The main word here is "light". Four hundred years prior to Impressionism, the Venetian painters were keenly interested in the relationship between light and color. All of their canvases clearly explore this interplay.
Additionally, the Venetian painters had a distinct method of brushwork. It's rather smooth and makes for a velvety surface texture.
It seems, too, that Venice's geographic isolation allowed for a somewhat relaxed attitude toward the subject matter. A great deal of painting dealt with religious themes; there was no getting around that. Certain wealthy Venetian patrons, however, created quite a market for what we refer to as "Venus" scenes.
The Venetian School had a brief fling with Mannerism, but mostly resisted depicting the contorted bodies and torturous emotion Mannerism is known for. Instead, Venetian Mannerism relied on vividly painted light and color to achieve its drama.
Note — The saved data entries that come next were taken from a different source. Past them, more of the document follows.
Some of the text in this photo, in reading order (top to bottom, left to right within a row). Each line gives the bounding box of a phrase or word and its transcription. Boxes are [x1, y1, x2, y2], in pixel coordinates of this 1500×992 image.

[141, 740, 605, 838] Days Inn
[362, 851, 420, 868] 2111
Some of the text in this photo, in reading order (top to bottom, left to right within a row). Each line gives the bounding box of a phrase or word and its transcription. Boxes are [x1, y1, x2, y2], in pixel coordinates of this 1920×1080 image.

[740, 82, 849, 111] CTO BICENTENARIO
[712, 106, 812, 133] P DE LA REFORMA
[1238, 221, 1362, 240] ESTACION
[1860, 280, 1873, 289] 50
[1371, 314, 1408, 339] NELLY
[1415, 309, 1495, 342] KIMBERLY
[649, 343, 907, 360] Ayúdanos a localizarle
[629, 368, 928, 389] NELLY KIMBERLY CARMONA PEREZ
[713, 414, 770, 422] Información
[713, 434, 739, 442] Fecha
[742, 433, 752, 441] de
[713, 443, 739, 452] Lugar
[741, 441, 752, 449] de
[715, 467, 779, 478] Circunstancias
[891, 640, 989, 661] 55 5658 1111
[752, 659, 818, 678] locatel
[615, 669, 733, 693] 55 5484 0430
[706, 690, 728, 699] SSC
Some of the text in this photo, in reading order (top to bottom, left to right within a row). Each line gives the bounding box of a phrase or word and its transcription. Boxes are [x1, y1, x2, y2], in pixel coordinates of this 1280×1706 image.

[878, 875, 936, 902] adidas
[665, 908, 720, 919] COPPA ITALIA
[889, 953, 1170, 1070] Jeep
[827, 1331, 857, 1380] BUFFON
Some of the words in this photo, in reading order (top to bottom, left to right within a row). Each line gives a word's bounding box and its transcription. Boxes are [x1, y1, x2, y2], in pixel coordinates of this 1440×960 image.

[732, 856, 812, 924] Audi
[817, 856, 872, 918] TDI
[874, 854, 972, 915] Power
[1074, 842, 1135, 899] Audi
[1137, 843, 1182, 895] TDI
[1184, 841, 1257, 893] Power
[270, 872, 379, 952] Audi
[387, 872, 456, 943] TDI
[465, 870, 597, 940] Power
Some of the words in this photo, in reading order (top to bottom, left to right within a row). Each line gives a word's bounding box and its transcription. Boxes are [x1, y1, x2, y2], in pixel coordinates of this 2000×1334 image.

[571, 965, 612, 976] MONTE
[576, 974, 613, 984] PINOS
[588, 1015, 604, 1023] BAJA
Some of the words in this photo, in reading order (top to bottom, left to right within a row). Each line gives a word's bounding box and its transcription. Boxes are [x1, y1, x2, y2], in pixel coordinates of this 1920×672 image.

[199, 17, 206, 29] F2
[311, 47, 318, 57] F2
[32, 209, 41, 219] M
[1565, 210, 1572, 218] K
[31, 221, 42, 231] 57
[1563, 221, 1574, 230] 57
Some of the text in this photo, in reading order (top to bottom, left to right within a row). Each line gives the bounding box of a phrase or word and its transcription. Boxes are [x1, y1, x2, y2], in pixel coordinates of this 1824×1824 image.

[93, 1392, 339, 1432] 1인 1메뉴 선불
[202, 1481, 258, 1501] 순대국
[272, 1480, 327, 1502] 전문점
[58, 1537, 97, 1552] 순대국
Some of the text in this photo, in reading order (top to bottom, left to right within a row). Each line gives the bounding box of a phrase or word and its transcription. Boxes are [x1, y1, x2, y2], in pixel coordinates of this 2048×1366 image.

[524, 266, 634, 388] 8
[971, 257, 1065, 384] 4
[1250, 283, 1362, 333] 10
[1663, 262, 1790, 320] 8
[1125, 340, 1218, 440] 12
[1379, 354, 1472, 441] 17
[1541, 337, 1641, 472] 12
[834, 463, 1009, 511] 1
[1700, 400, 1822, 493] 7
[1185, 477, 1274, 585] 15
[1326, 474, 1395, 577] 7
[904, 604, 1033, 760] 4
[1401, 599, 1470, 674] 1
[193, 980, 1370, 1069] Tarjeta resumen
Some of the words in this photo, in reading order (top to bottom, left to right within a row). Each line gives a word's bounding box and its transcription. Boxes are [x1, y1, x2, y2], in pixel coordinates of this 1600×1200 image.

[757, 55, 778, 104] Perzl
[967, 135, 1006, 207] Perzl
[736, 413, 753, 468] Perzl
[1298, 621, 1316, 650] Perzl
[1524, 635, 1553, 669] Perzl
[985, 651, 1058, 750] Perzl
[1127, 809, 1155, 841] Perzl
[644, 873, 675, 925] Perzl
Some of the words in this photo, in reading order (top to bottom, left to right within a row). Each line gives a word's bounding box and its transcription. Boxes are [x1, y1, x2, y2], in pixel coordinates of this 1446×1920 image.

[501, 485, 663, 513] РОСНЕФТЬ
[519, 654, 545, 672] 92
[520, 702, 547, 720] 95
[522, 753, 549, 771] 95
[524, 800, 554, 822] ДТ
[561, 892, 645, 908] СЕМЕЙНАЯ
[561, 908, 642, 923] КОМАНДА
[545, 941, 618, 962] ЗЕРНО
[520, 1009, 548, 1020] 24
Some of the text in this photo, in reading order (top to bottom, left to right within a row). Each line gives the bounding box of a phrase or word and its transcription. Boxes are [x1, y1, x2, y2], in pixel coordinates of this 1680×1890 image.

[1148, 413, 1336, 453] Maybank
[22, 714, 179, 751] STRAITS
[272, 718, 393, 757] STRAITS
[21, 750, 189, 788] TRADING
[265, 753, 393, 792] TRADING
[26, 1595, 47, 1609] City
Venice, more than any other location, helped make oil paint popular as a medium. The city is, as you know, constructed on a lagoon which makes for a built-in dampness factor. Venetian painters needed something durable! The Venetian School is not known for its frescoes, however.
Well, there were the Bellini and Vivarini families, as mentioned. They got the ball rolling. Andrea Mantegna, though from nearby Padua was an influential member of the Venetian School during the 15th-century.
Giorgione ushered in 16th-century Venetian painting, and is rightly known as its first really big name. He inspired notable followers such as Titian, Tintoretto, Paolo Veronese and Lorenzo Lotto.
Additionally, a lot of famous artists traveled to Venice, thanks to its reputation, and spent time in the workshops there. Antonello da Messina, El Greco and even Albrecht Dürer--to name but a few--all studied in Venice during the 15th and 16th centuries.